In the given case, it is considered that a patient is having sore throat and also has an infection (bacterial). The patient is required to undergo a therapy (antibiotic). The threshold of the treatment is 0.4 and the estimated infection's (bacterial) probability is 0.8.
A test is present to check for this bacterial infection which has a TPR (true-positive rate) is 0.75 and a TNR (true-negative rate) is 0.85. This means, that out of 100 patients, 75 patients having sore throat would have bacterial infection. Out of 100 patients, 85 patients with sore throat would not have the bacterial infection.
These numbers seem confusing, since the number of patients who are likely not to have a bacterial infection would still have a sore throat. This number is higher than that of the patients who actually have a bacterial infection along with sore throat.
So, it is advisable to conduct the test for bacterial infection to be sure whether the patient with the sore throat in question actually has the bacterial infection or not. This would clear the doubt of occurrence of infection.
It is likely that the patient would have bacterial infection because the threshold probability of acquiring the infection is 0.4. But, the estimated probability of the infection is 0.8. It is therefore, greater than the threshold probability.

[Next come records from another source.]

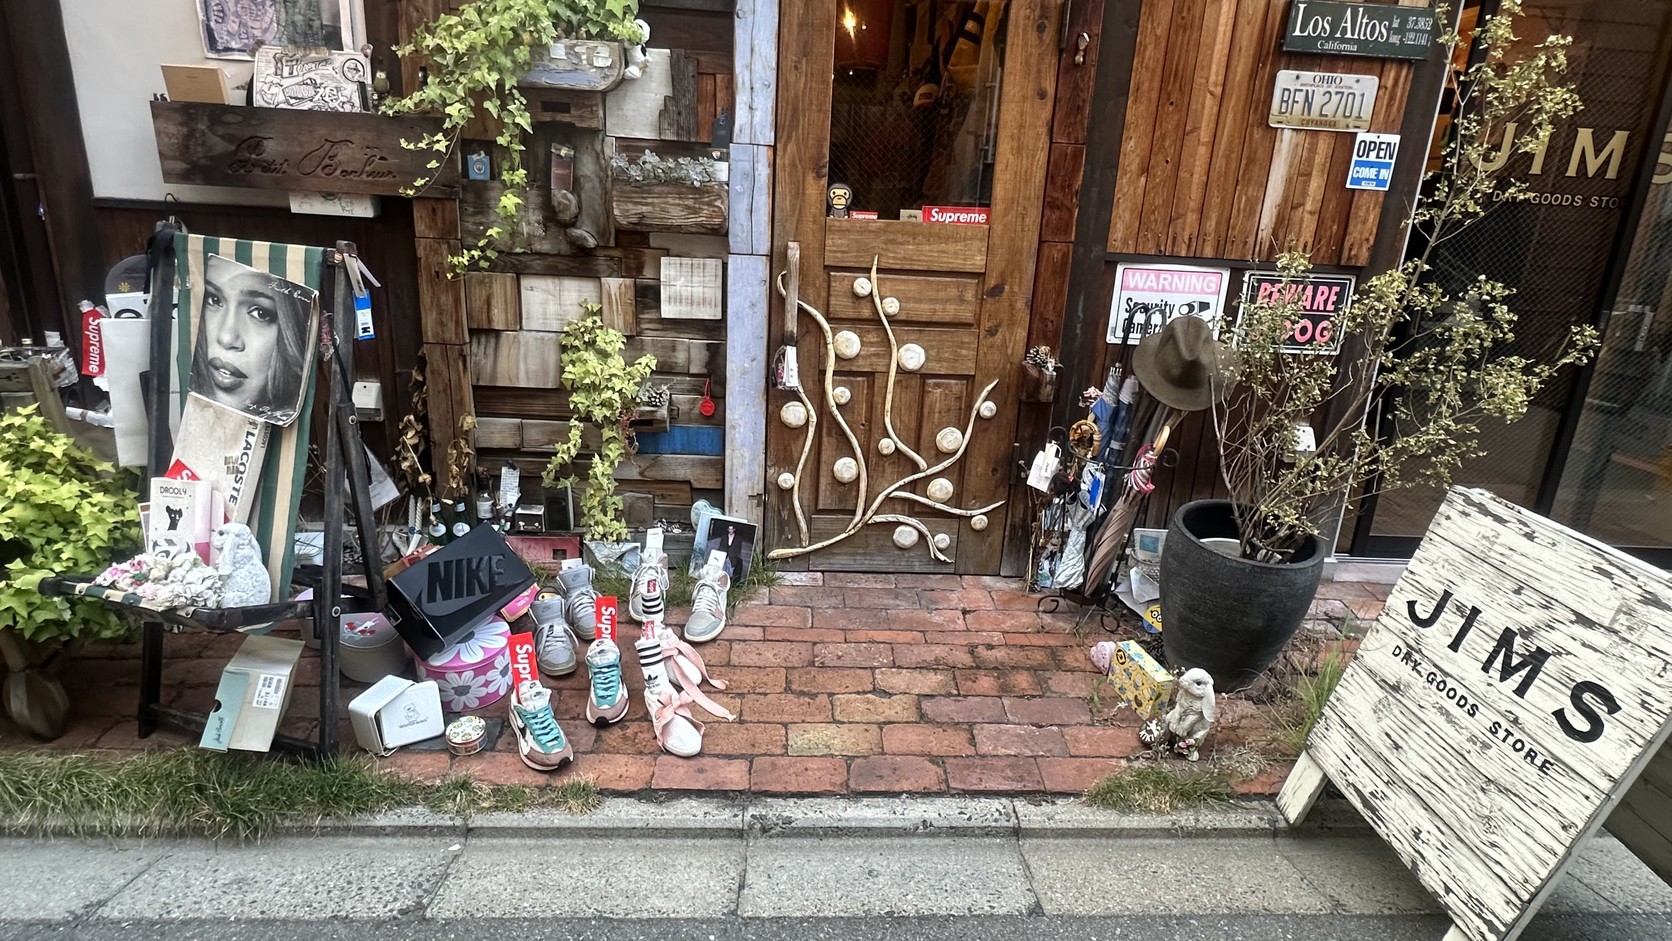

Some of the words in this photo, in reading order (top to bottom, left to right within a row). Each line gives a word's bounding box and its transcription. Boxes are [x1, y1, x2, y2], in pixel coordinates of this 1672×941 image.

[1292, 3, 1332, 37] Los
[1335, 6, 1390, 42] Altos
[1317, 40, 1358, 51] California
[1312, 74, 1343, 86] OHIO
[1278, 87, 1316, 117] BFN
[1319, 90, 1366, 120] 2701
[1356, 139, 1397, 161] OPEN
[1352, 166, 1379, 180] COME
[1378, 168, 1390, 180] IN
[1530, 193, 1583, 207] GOODS
[852, 211, 878, 220] Supreme
[930, 208, 987, 224] Supreme
[1128, 272, 1218, 293] WARNING
[84, 316, 101, 373] Supreme
[260, 424, 271, 449] LACOSTE
[229, 430, 256, 506] LACOSTE
[426, 554, 506, 604] NIKE
[1406, 589, 1622, 744] JIMS
[1391, 645, 1424, 677] DRY
[1426, 671, 1480, 718] GOODS
[1489, 720, 1555, 776] STORE

At the same time, the TNR is greater than TPR. Thus, to be double sure about the infectivity of the patient, the test must be carried on the patient to understand whether an antibiotic therapy is to be administered to cure the patient of sore throat.

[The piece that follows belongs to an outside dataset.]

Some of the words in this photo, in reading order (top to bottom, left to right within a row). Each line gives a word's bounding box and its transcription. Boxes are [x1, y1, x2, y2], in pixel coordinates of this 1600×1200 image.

However, if the test involved is very expensive, then a trade-off could be done where antibiotic therapy could be given to the patient. It is to be given for a very short term to see the effects of the drugs. However, if the patient does not get rid of the sore throat after the antibiotics have been administered, then it is advisable to carry out the test anyhow.
2
What are the three kinds of bias that can influence measurement of test performance? Explain what each one is, and state how you would adjust the post-test probability to compensate for each.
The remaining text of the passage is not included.